As the number of families in need rises daily, the UN World Food Programme (WFP) has identified 13,000 more families in need of aid, after already providing food to over 12,000 families. The appeal is aimed to help to cover needs for the next six months.

Water supplies have been contaminated and lack of sanitation and hygiene is becoming a secondary threat to the affected population. The UN Children's Fund (UNICEF) will lead relief agencies' efforts to provide water and sanitation supplies, carry out technical assessments of water quality, clean contaminated wells and construct temporary latrines.

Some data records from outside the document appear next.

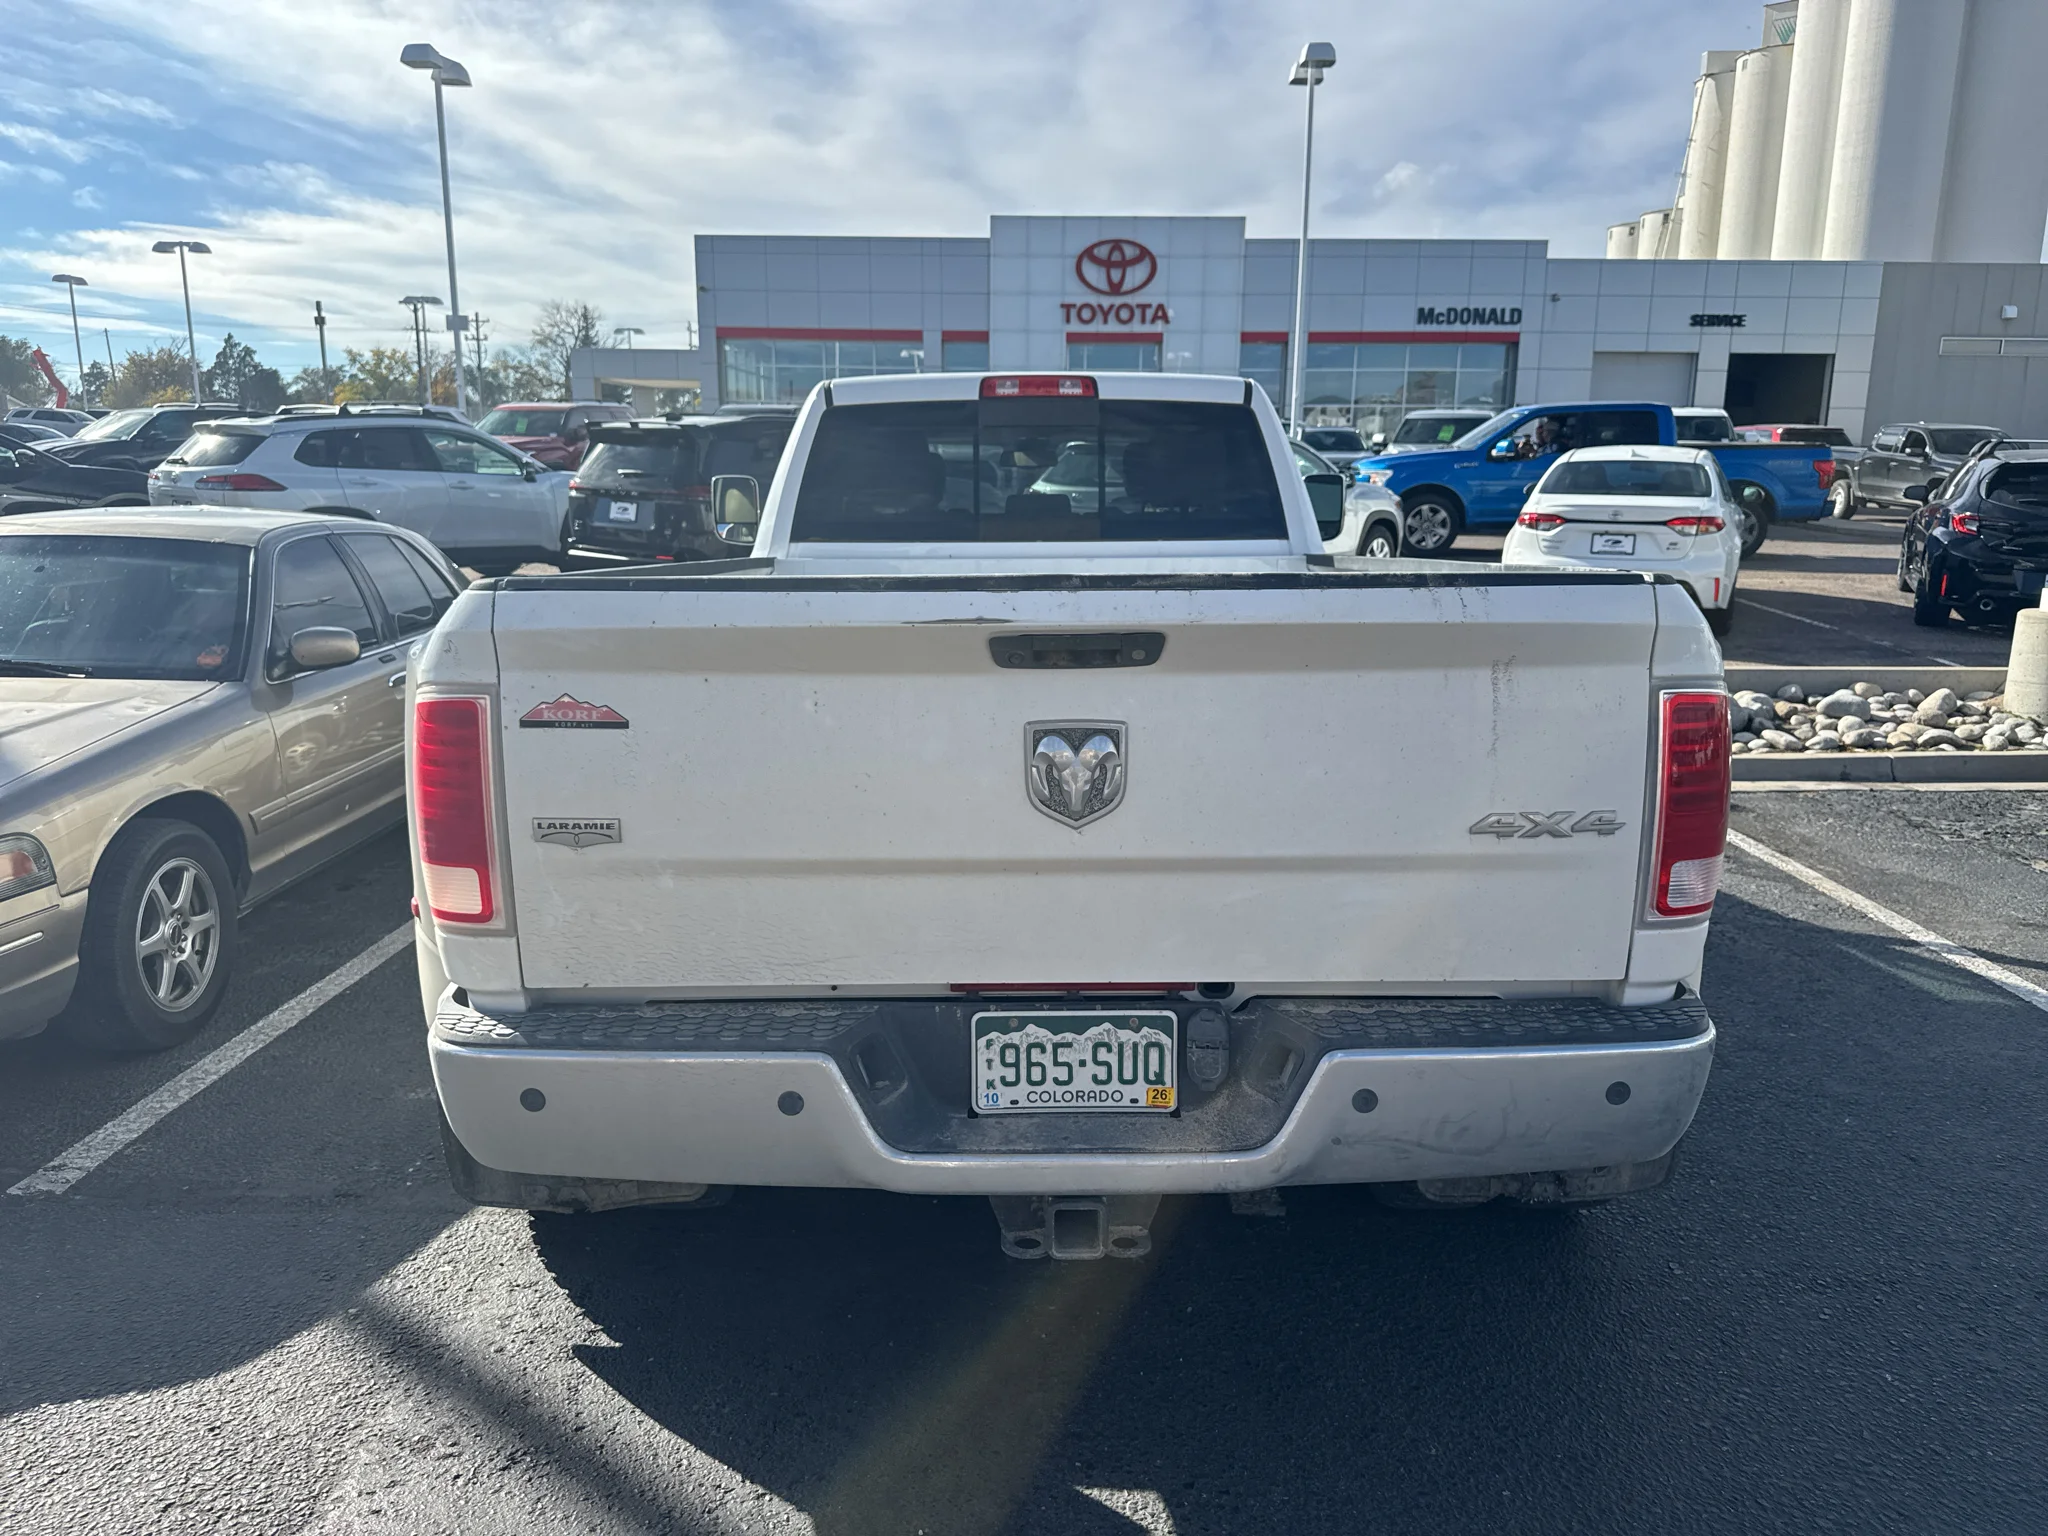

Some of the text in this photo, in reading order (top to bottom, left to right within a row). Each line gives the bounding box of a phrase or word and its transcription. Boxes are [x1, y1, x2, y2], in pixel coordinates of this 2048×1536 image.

[1060, 303, 1170, 325] TOYOTA
[1417, 307, 1522, 326] McDONALD
[1689, 313, 1747, 328] SERVICE
[542, 709, 603, 720] KORF
[537, 822, 616, 831] LARAMIE
[983, 1092, 999, 1104] 10
[1027, 1089, 1124, 1103] COLORADO
[1151, 1088, 1168, 1101] 26

Already, flood victims have suffered increased acute respiratory infections, diarrhoeal and skin diseases, and dengue fever. The UN World Health Organization (WHO) and the UN Population Fund (UNFPA) will provide health care and epidemiological tracking to prevent disease outbreaks.

In the agriculture sector, where some 71,000 hectares of crops have been partially or totally lost and a large number of stranded cattle are at risk of illness and death, the UN Food and Agriculture Organization (FAO) will provide aid, including veterinary assistance, to help families recover their livelihoods.

UNICEF will help to rehabilitate schools, at least 282 of which have been flooded while 30 others are being used as temporary shelters, preventing children from starting classes. The agency will help to provide temporary alternative sites and supplies for children to continue their education.

In Mozambique, WHO had sent four teams to the four worst affected provinces, where rains and winds from tropical cyclone Flavio have exacerbated flooding of the Zambezi river valley, displacing 120,000 people who are now living in overcrowded camps with poor sanitation, little access to safe drinking water and at risk of water-borne and insect-transmitted disease.

The agency will provide medicine and medical supplies, health education materials, training for community workers and technical support in the southern African country.

Flavio seriously damaged crucial public facilities in Vilankulos, the town it first hit, including hospitals and schools, and UNICEF is on standby to help. "We are ready to send emergency supplies as soon as we have access to the affected areas," UNICEF country head of Leila Pakkala said.

Halfway around the world, WFP has provided nearly 300 more tons of rice for some 6,000 Filipino families, many of whom are still living in evacuation camps more than two months after typhoon Reming slammed into the South-East Asian country.

"It takes time to rebuild after a disaster of this scale," WFP Country Director Valerie Guarnieri said. "The cameras have moved on to crises elsewhere, but WFP will stay with the affected communities while they repair their fishing boats, plant for the next harvest, or find new ways to make a living."

Nearly 1 million people were originally displaced, many of whom sought refuge in schools and other evacuation centres set up by the Government, while others stayed near their homes or moved in with family and friends.

While international aid has been forthcoming, more donor contributions are still needed, WFP said. The earlier UN Appeal for $48.7 million to support food, shelter, health, water, sanitation and recovery activities is only 11 per cent funded, crippling the ability of the UN agencies and their partners to respond, it added.